═════ Data for the task ═════

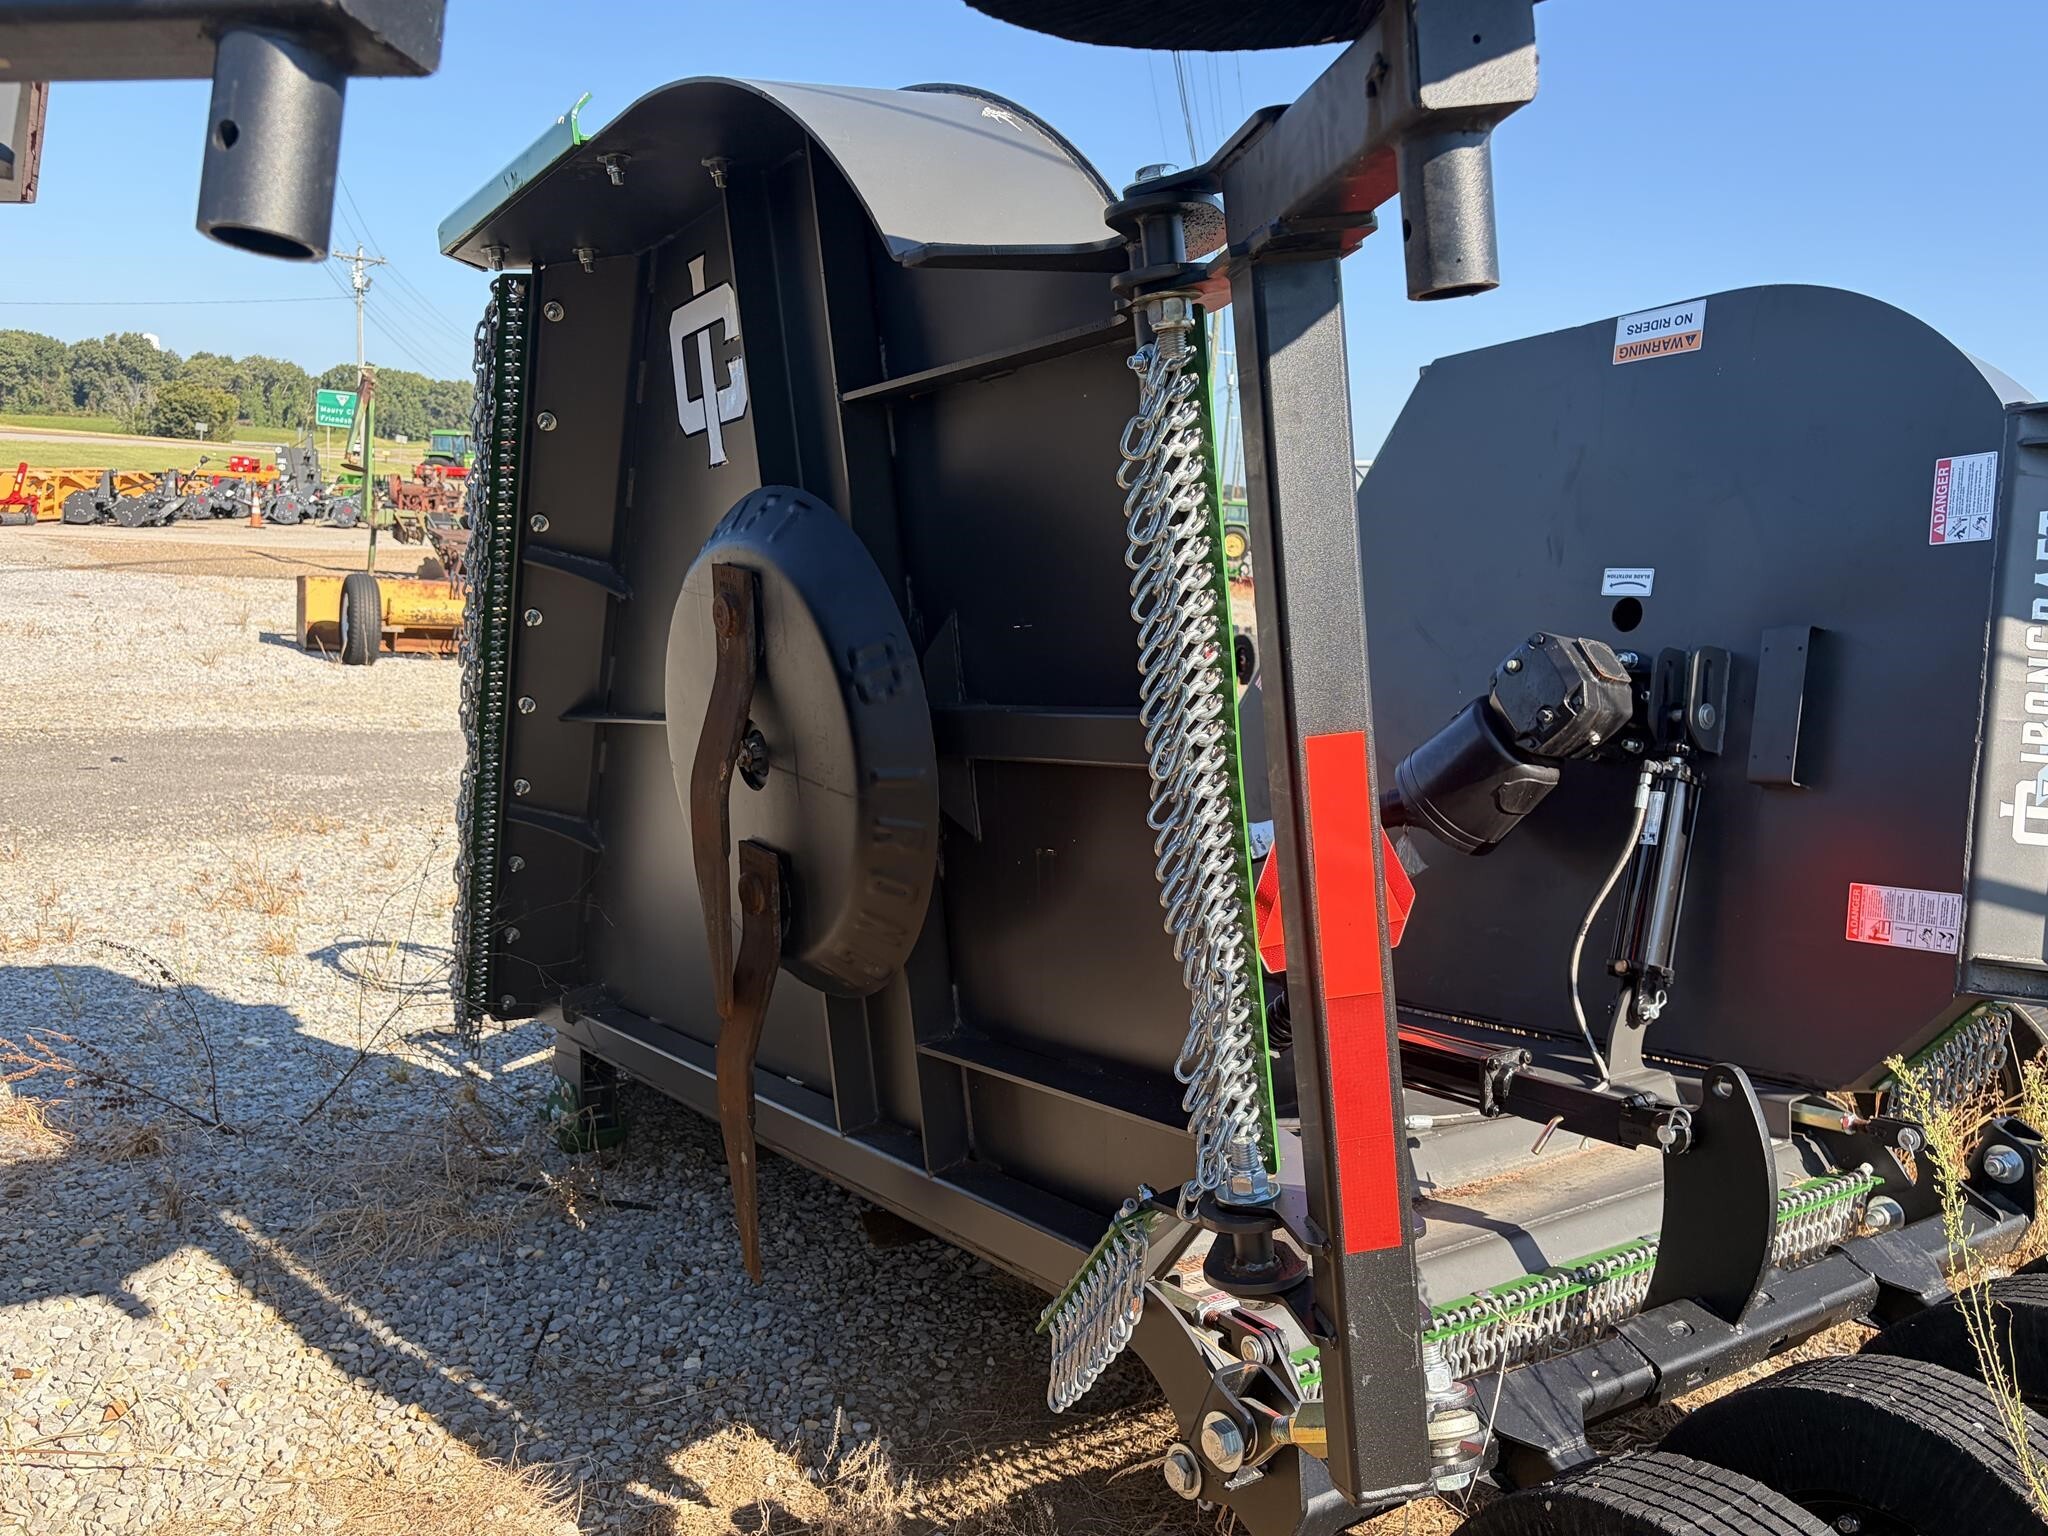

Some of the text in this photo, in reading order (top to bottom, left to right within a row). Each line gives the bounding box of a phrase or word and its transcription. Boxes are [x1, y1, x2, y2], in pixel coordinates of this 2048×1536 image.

[1626, 312, 1693, 336] NO RIDERS
[1619, 336, 1683, 358] WARNING
[320, 406, 344, 415] Maury
[320, 415, 353, 425] Friendsh
[1933, 467, 1949, 524] DANGER
[1851, 889, 1861, 927] DANGER
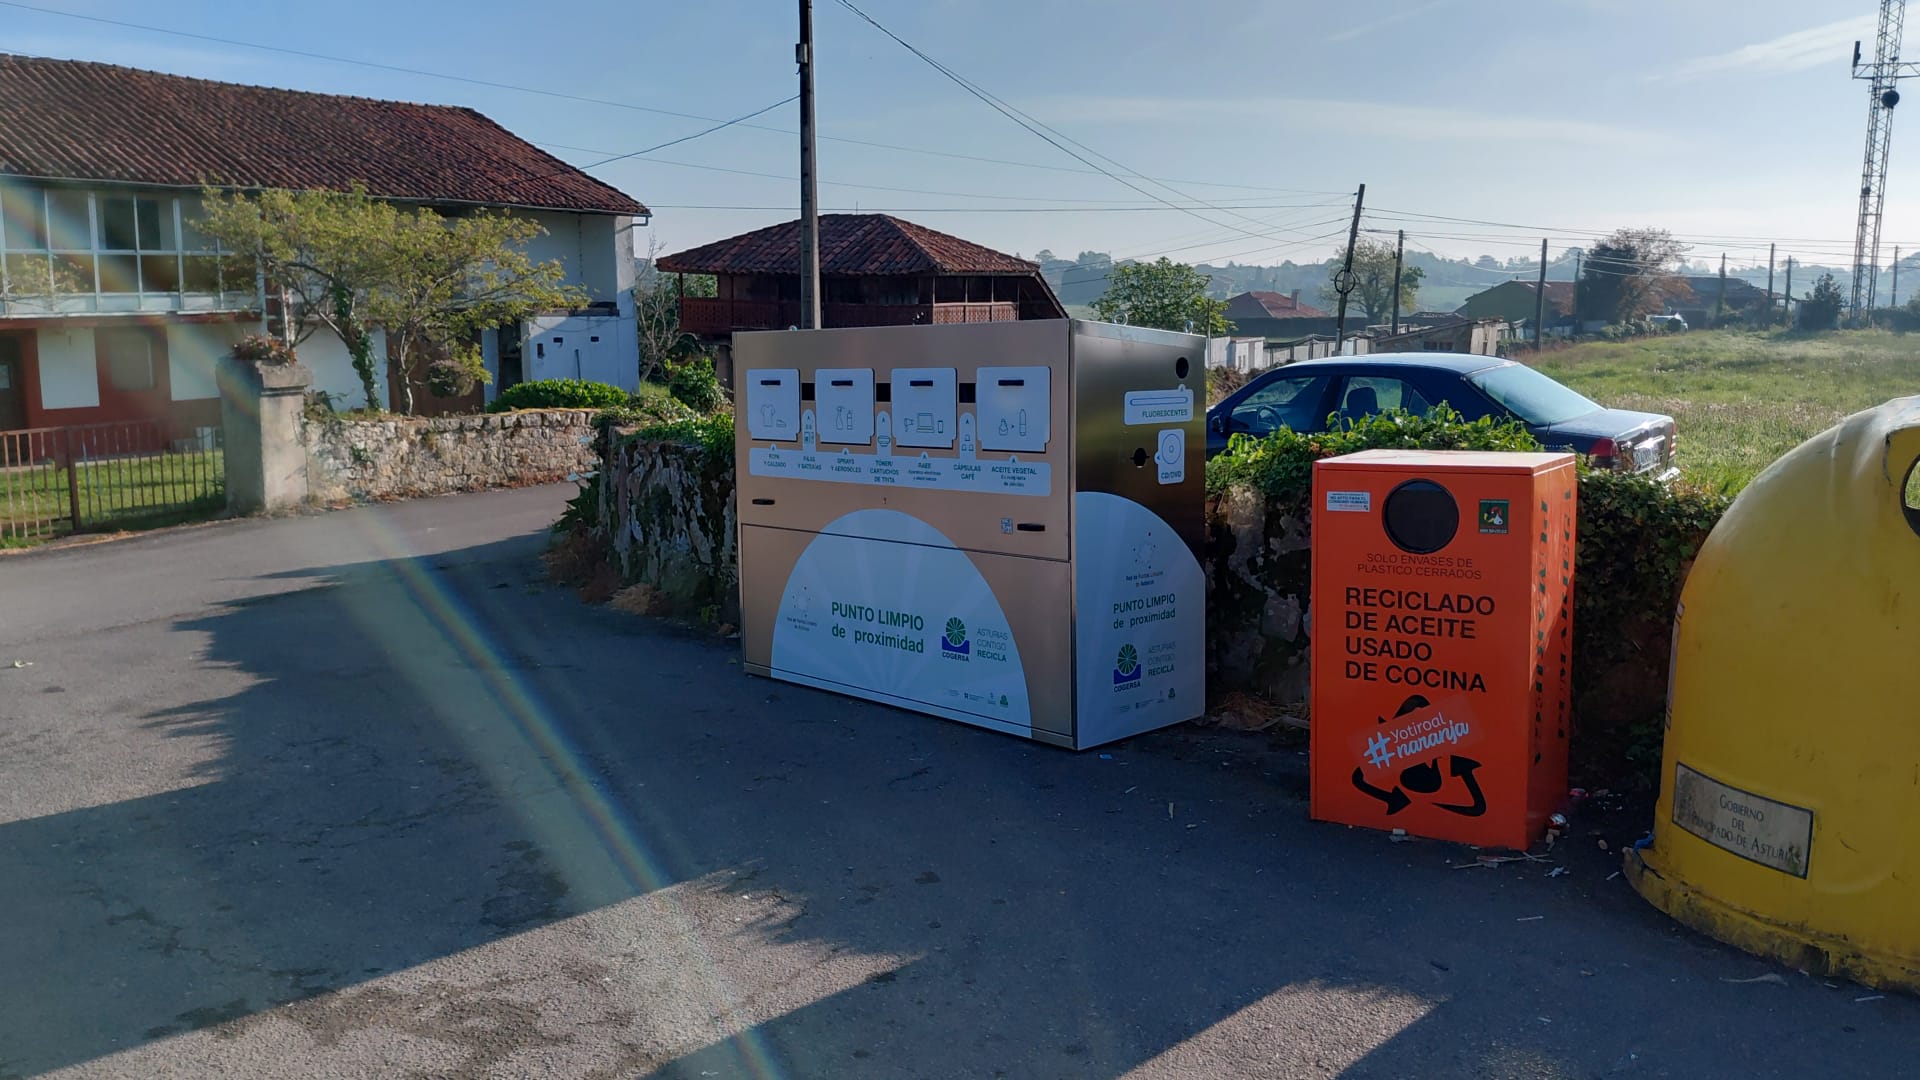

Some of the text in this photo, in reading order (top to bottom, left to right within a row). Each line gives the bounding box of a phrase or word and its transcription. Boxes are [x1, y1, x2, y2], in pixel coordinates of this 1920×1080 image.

[1142, 408, 1188, 418] FLUORESCENTES
[837, 457, 855, 465] SPRAYS
[869, 467, 899, 476] CARTUCHOS
[991, 465, 1038, 476] ACEITE VEGETAL
[1367, 553, 1473, 568] SOLO ENVASES DE
[1357, 563, 1482, 580] PLASTICO CERRADOS
[1113, 592, 1176, 614] PUNTO LIMPIO
[1345, 586, 1495, 616] RECICLADO
[831, 601, 875, 623] PUNTO
[878, 606, 924, 632] LIMPIO
[1113, 608, 1176, 630] de proximidad
[1345, 610, 1476, 640] DE ACEITE
[831, 623, 924, 654] de proximidad
[976, 627, 1009, 641] ASTURIAS
[976, 638, 1007, 652] CONTIGO
[1345, 635, 1433, 662] USADO
[941, 651, 970, 662] COGERSA
[976, 650, 1007, 663] RECICLA
[1148, 664, 1175, 677] RECICLA
[1345, 660, 1487, 693] DE COCINA
[1113, 681, 1141, 693] COGERSA
[1396, 719, 1470, 759] naranja
[1731, 817, 1745, 832] DEL
[1736, 834, 1747, 849] DE

═════

▸ **The problem**:
Down to the last line, return the entries above exactly, with no pictures.

▸ **Finished exercise**:
Some of the text in this photo, in reading order (top to bottom, left to right within a row). Each line gives the bounding box of a phrase or word and its transcription. Boxes are [x1, y1, x2, y2], in pixel coordinates of this 2048×1536 image.

[1626, 312, 1693, 336] NO RIDERS
[1619, 336, 1683, 358] WARNING
[320, 406, 344, 415] Maury
[320, 415, 353, 425] Friendsh
[1933, 467, 1949, 524] DANGER
[1851, 889, 1861, 927] DANGER

Some of the text in this photo, in reading order (top to bottom, left to right within a row). Each line gives the bounding box of a phrase or word and its transcription. Boxes are [x1, y1, x2, y2], in pixel coordinates of this 1920×1080 image.

[1142, 408, 1188, 418] FLUORESCENTES
[837, 457, 855, 465] SPRAYS
[869, 467, 899, 476] CARTUCHOS
[991, 465, 1038, 476] ACEITE VEGETAL
[1367, 553, 1473, 568] SOLO ENVASES DE
[1357, 563, 1482, 580] PLASTICO CERRADOS
[1113, 592, 1176, 614] PUNTO LIMPIO
[1345, 586, 1495, 616] RECICLADO
[831, 601, 875, 623] PUNTO
[878, 606, 924, 632] LIMPIO
[1113, 608, 1176, 630] de proximidad
[1345, 610, 1476, 640] DE ACEITE
[831, 623, 924, 654] de proximidad
[976, 627, 1009, 641] ASTURIAS
[976, 638, 1007, 652] CONTIGO
[1345, 635, 1433, 662] USADO
[941, 651, 970, 662] COGERSA
[976, 650, 1007, 663] RECICLA
[1148, 664, 1175, 677] RECICLA
[1345, 660, 1487, 693] DE COCINA
[1113, 681, 1141, 693] COGERSA
[1396, 719, 1470, 759] naranja
[1731, 817, 1745, 832] DEL
[1736, 834, 1747, 849] DE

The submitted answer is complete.